OT is secure

I hope you will not break it

Don’t be malicious

This challenge provides you with incomplete client code for an Oblivious Transfer (OT) protocol. In Oblivious Transfer there is a “sender” and a “receiver”, the sender won’t know what data was sent to the receiver, and the receiver will only learn the information it requested. See this Wikipedia article for more information.

The challenge server will tell you that the flag has been split into 2 shares and that you must XOR them together to get the flag. However, getting both shares in a single session is impossible if we play “honestly”.

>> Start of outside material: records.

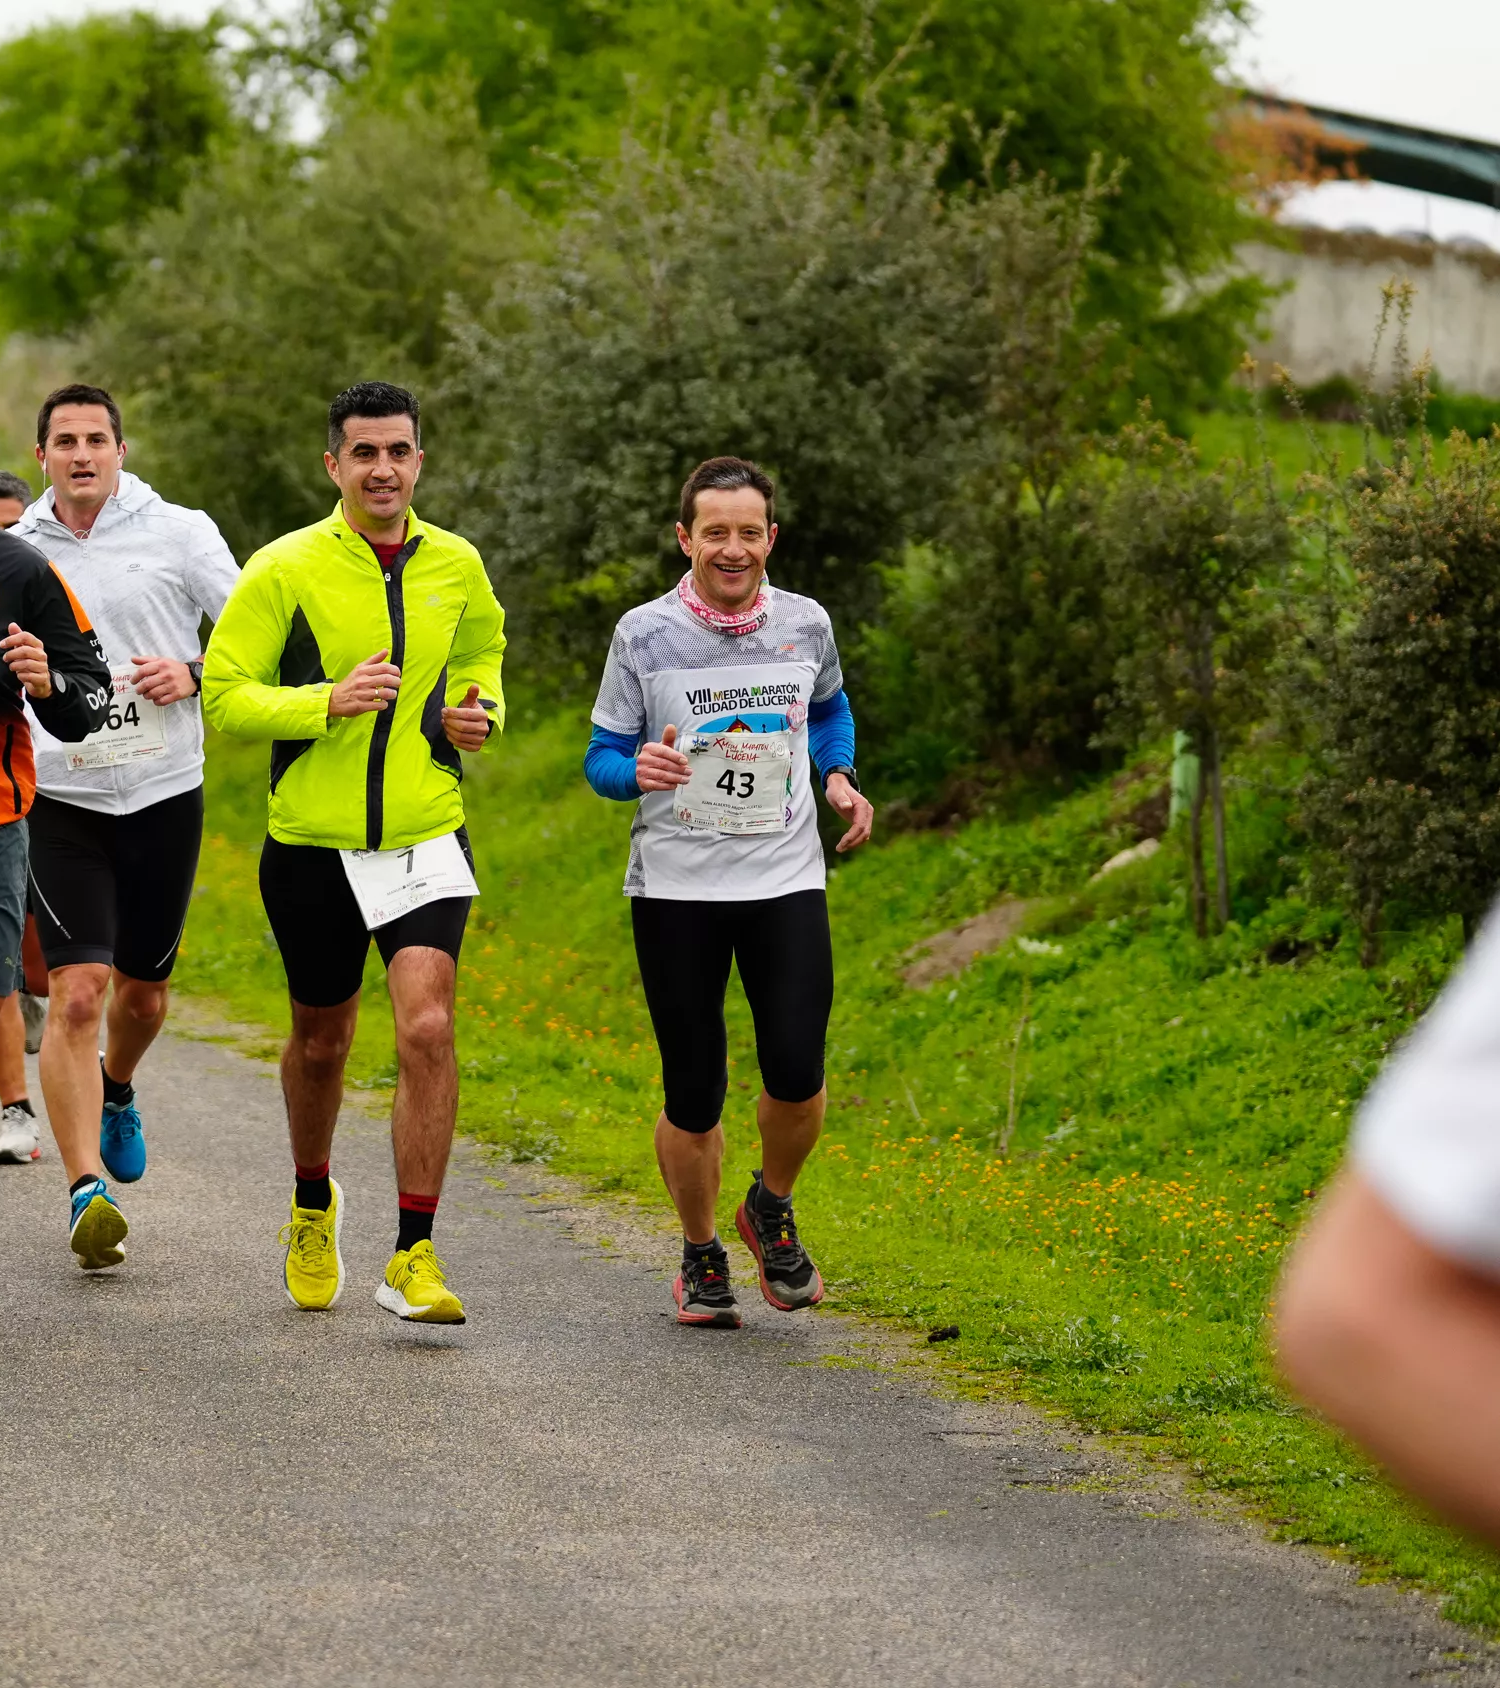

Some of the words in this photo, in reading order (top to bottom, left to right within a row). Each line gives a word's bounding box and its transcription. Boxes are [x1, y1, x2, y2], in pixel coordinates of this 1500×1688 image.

[686, 688, 712, 705] VIII
[713, 688, 749, 701] MEDIA
[751, 682, 800, 697] MARATÓN
[692, 700, 738, 715] CIUDAD
[740, 698, 755, 709] DE
[757, 695, 798, 707] LUCENA
[725, 750, 760, 762] LUCENA
[716, 769, 755, 798] 43
[396, 848, 414, 874] 7

The challenge name is “semihonest” which suggests that the OT protocol implemented has an assumption that at least one party is acting “honestly”. Well, we can just be a little less than honest and get the flag. In particular, the client code provided only calculates 1 key that it knows the secret to and another that is just random. In oblivious transfer the sender doesn’t know which share the client requested so it looks like the server would have to send back 2 valid shares in this case.

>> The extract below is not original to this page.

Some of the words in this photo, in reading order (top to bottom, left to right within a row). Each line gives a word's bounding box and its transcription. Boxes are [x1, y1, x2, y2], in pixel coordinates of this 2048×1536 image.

I first tried sending the same key twice, but the server checks for that. Drats, its never that easy… So we need to just call our public key and shared key generator again, and save a second key. I stopped caring about the “choice bit” because it doesn’t matter in the end if we can decrypt both shares the server sends back. So all that remains is filling in the missing client code and then computing the XOR of the 2 shares we decrypt.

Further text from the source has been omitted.